Assigned task:
Set down the data that follows, exactly and completely.

Data for processing:

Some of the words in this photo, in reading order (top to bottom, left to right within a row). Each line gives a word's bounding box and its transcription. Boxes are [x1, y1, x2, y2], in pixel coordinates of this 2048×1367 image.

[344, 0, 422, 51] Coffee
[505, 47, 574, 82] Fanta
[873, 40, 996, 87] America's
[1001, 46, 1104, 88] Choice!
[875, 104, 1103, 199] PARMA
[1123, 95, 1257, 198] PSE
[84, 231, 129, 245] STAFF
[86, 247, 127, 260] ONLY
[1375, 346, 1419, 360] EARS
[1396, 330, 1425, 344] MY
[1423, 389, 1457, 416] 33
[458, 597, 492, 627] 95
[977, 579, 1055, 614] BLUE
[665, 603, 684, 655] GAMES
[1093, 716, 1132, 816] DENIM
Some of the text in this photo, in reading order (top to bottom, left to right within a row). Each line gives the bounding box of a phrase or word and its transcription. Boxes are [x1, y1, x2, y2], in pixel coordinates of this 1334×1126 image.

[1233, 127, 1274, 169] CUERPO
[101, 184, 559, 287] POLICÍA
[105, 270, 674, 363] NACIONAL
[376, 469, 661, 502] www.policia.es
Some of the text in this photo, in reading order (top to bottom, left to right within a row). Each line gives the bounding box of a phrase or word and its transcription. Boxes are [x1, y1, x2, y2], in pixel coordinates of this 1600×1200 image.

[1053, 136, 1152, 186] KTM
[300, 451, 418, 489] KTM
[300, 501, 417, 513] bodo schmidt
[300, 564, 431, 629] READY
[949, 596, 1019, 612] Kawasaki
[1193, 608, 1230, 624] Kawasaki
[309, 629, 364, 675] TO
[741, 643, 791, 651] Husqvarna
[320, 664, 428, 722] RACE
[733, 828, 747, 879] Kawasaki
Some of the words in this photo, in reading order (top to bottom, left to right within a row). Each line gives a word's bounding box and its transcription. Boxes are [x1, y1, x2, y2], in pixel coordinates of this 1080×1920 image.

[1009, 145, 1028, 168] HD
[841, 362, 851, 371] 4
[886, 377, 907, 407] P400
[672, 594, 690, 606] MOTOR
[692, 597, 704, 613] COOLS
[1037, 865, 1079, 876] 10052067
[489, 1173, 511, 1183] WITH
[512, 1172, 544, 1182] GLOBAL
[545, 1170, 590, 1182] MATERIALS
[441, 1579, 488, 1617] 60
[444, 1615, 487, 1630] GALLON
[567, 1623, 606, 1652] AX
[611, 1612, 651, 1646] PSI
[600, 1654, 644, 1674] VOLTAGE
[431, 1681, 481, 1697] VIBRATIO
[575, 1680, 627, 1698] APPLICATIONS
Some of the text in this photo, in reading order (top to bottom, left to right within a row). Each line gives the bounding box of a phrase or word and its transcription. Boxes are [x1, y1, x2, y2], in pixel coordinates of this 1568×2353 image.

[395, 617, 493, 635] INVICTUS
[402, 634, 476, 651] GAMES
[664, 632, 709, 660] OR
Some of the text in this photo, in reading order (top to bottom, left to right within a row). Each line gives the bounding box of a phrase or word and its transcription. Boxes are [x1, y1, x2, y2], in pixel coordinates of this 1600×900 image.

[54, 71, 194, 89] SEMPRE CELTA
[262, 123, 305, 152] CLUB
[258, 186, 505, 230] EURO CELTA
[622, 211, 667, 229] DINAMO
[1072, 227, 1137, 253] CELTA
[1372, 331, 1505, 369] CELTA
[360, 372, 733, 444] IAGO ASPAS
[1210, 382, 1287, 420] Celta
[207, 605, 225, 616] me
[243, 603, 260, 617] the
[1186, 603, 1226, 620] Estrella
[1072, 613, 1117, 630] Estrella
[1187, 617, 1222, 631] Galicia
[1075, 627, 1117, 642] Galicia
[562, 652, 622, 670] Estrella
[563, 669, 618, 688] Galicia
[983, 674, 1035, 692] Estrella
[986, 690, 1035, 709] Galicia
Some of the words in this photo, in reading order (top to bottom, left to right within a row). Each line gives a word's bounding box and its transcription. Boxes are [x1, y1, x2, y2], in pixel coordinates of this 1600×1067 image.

Finished exercise:
Some of the words in this photo, in reading order (top to bottom, left to right within a row). Each line gives a word's bounding box and its transcription. Boxes are [x1, y1, x2, y2], in pixel coordinates of this 2048×1367 image.

[344, 0, 422, 51] Coffee
[505, 47, 574, 82] Fanta
[873, 40, 996, 87] America's
[1001, 46, 1104, 88] Choice!
[875, 104, 1103, 199] PARMA
[1123, 95, 1257, 198] PSE
[84, 231, 129, 245] STAFF
[86, 247, 127, 260] ONLY
[1375, 346, 1419, 360] EARS
[1396, 330, 1425, 344] MY
[1423, 389, 1457, 416] 33
[458, 597, 492, 627] 95
[977, 579, 1055, 614] BLUE
[665, 603, 684, 655] GAMES
[1093, 716, 1132, 816] DENIM
Some of the text in this photo, in reading order (top to bottom, left to right within a row). Each line gives the bounding box of a phrase or word and its transcription. Boxes are [x1, y1, x2, y2], in pixel coordinates of this 1334×1126 image.

[1233, 127, 1274, 169] CUERPO
[101, 184, 559, 287] POLICÍA
[105, 270, 674, 363] NACIONAL
[376, 469, 661, 502] www.policia.es
Some of the text in this photo, in reading order (top to bottom, left to right within a row). Each line gives the bounding box of a phrase or word and its transcription. Boxes are [x1, y1, x2, y2], in pixel coordinates of this 1600×1200 image.

[1053, 136, 1152, 186] KTM
[300, 451, 418, 489] KTM
[300, 501, 417, 513] bodo schmidt
[300, 564, 431, 629] READY
[949, 596, 1019, 612] Kawasaki
[1193, 608, 1230, 624] Kawasaki
[309, 629, 364, 675] TO
[741, 643, 791, 651] Husqvarna
[320, 664, 428, 722] RACE
[733, 828, 747, 879] Kawasaki
Some of the words in this photo, in reading order (top to bottom, left to right within a row). Each line gives a word's bounding box and its transcription. Boxes are [x1, y1, x2, y2], in pixel coordinates of this 1080×1920 image.

[1009, 145, 1028, 168] HD
[841, 362, 851, 371] 4
[886, 377, 907, 407] P400
[672, 594, 690, 606] MOTOR
[692, 597, 704, 613] COOLS
[1037, 865, 1079, 876] 10052067
[489, 1173, 511, 1183] WITH
[512, 1172, 544, 1182] GLOBAL
[545, 1170, 590, 1182] MATERIALS
[441, 1579, 488, 1617] 60
[444, 1615, 487, 1630] GALLON
[567, 1623, 606, 1652] AX
[611, 1612, 651, 1646] PSI
[600, 1654, 644, 1674] VOLTAGE
[431, 1681, 481, 1697] VIBRATIO
[575, 1680, 627, 1698] APPLICATIONS
Some of the text in this photo, in reading order (top to bottom, left to right within a row). Each line gives the bounding box of a phrase or word and its transcription. Boxes are [x1, y1, x2, y2], in pixel coordinates of this 1568×2353 image.

[395, 617, 493, 635] INVICTUS
[402, 634, 476, 651] GAMES
[664, 632, 709, 660] OR
Some of the text in this photo, in reading order (top to bottom, left to right within a row). Each line gives the bounding box of a phrase or word and its transcription. Boxes are [x1, y1, x2, y2], in pixel coordinates of this 1600×900 image.

[54, 71, 194, 89] SEMPRE CELTA
[262, 123, 305, 152] CLUB
[258, 186, 505, 230] EURO CELTA
[622, 211, 667, 229] DINAMO
[1072, 227, 1137, 253] CELTA
[1372, 331, 1505, 369] CELTA
[360, 372, 733, 444] IAGO ASPAS
[1210, 382, 1287, 420] Celta
[207, 605, 225, 616] me
[243, 603, 260, 617] the
[1186, 603, 1226, 620] Estrella
[1072, 613, 1117, 630] Estrella
[1187, 617, 1222, 631] Galicia
[1075, 627, 1117, 642] Galicia
[562, 652, 622, 670] Estrella
[563, 669, 618, 688] Galicia
[983, 674, 1035, 692] Estrella
[986, 690, 1035, 709] Galicia
Some of the words in this photo, in reading order (top to bottom, left to right within a row). Each line gives a word's bounding box and its transcription. Boxes are [x1, y1, x2, y2], in pixel coordinates of this 1600×1067 image.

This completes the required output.